What you need to do:
Each entry below should be output exactly, apart from its images.

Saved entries

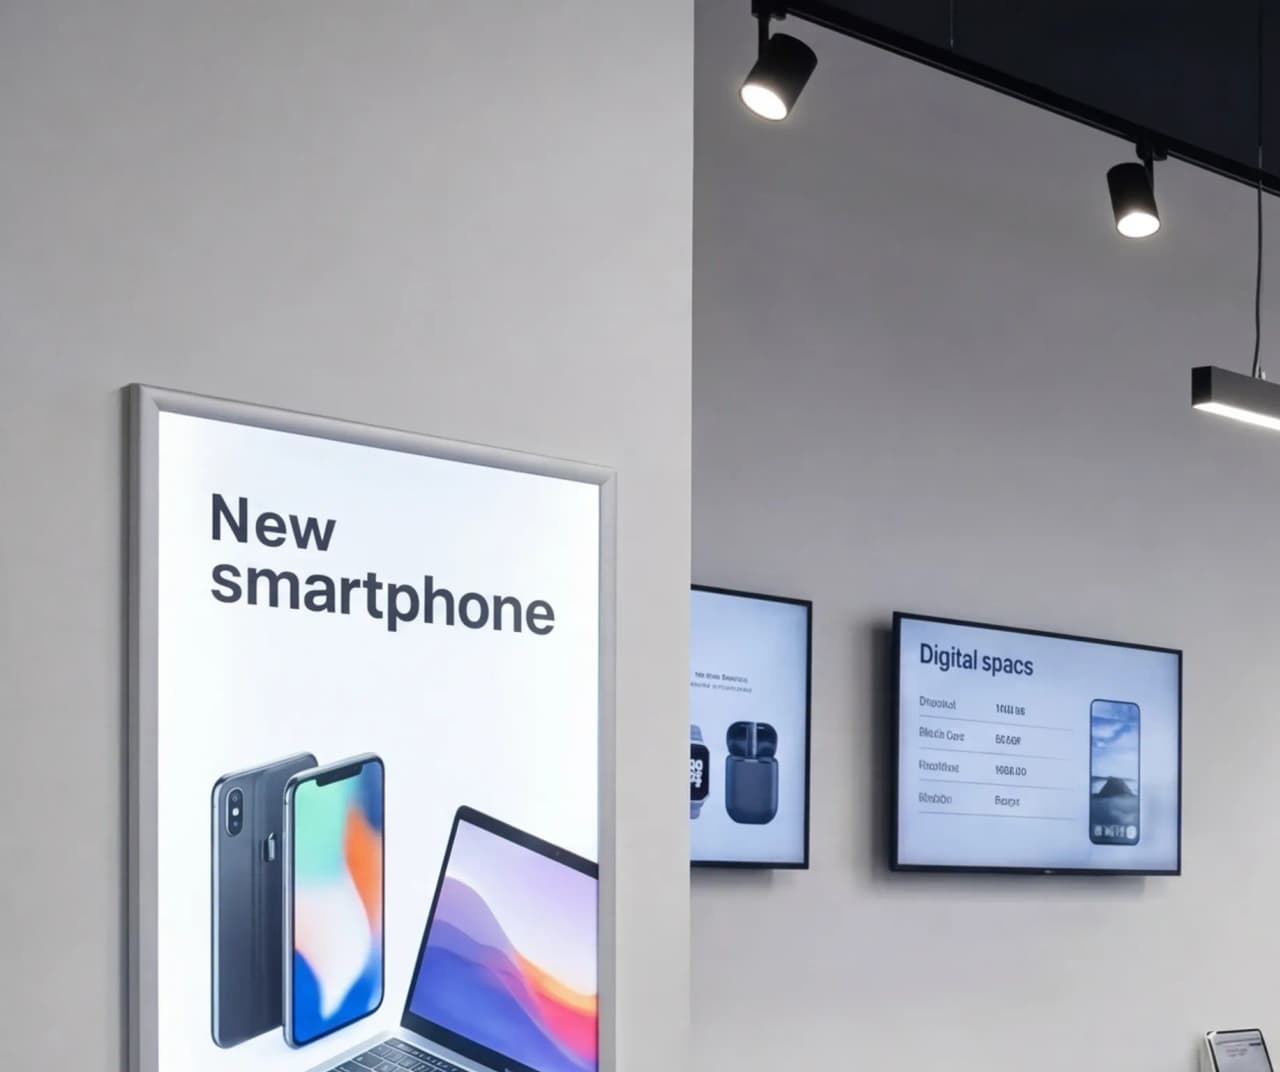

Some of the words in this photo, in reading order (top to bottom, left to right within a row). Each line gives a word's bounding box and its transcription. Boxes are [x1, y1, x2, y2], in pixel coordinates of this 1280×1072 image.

[211, 492, 337, 552] New
[210, 563, 556, 636] smartphone
[919, 642, 978, 672] Digital
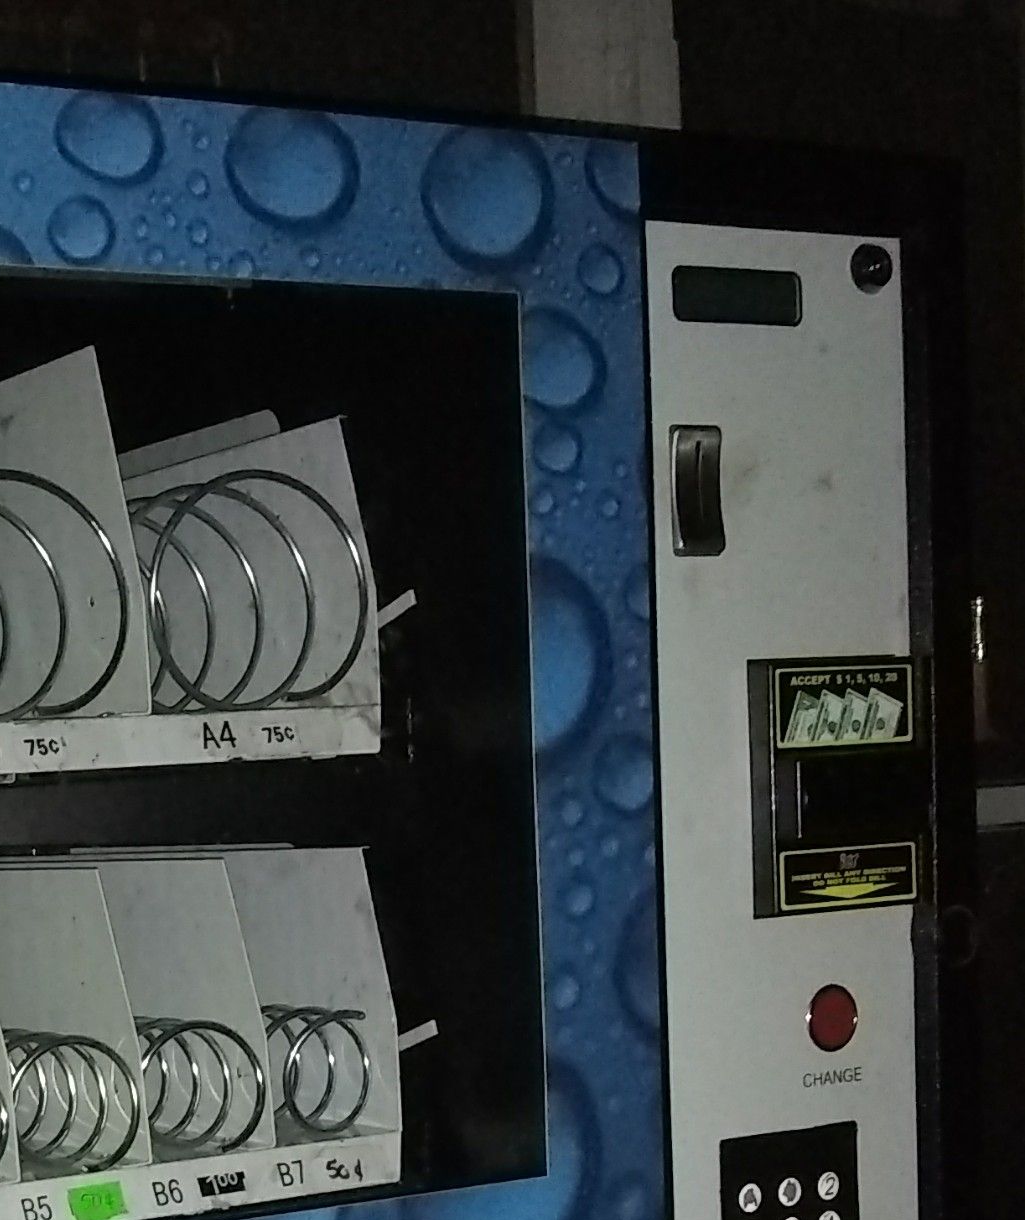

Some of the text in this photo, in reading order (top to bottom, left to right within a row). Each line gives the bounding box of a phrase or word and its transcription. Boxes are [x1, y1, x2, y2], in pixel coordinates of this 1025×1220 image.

[790, 675, 831, 687] ACCEPT
[202, 720, 238, 750] A4
[802, 1066, 863, 1088] CHANGE
[276, 1159, 306, 1187] B7
[151, 1178, 184, 1207] B6
[824, 1176, 836, 1196] 2

Task solution:
Some of the words in this photo, in reading order (top to bottom, left to right within a row). Each line gives a word's bounding box and its transcription. Boxes are [x1, y1, x2, y2], in pixel coordinates of this 1280×1072 image.

[211, 492, 337, 552] New
[210, 563, 556, 636] smartphone
[919, 642, 978, 672] Digital

Some of the text in this photo, in reading order (top to bottom, left to right within a row). Each line gives the bounding box of a phrase or word and its transcription. Boxes are [x1, y1, x2, y2], in pixel coordinates of this 1025×1220 image.

[790, 675, 831, 687] ACCEPT
[202, 720, 238, 750] A4
[802, 1066, 863, 1088] CHANGE
[276, 1159, 306, 1187] B7
[151, 1178, 184, 1207] B6
[824, 1176, 836, 1196] 2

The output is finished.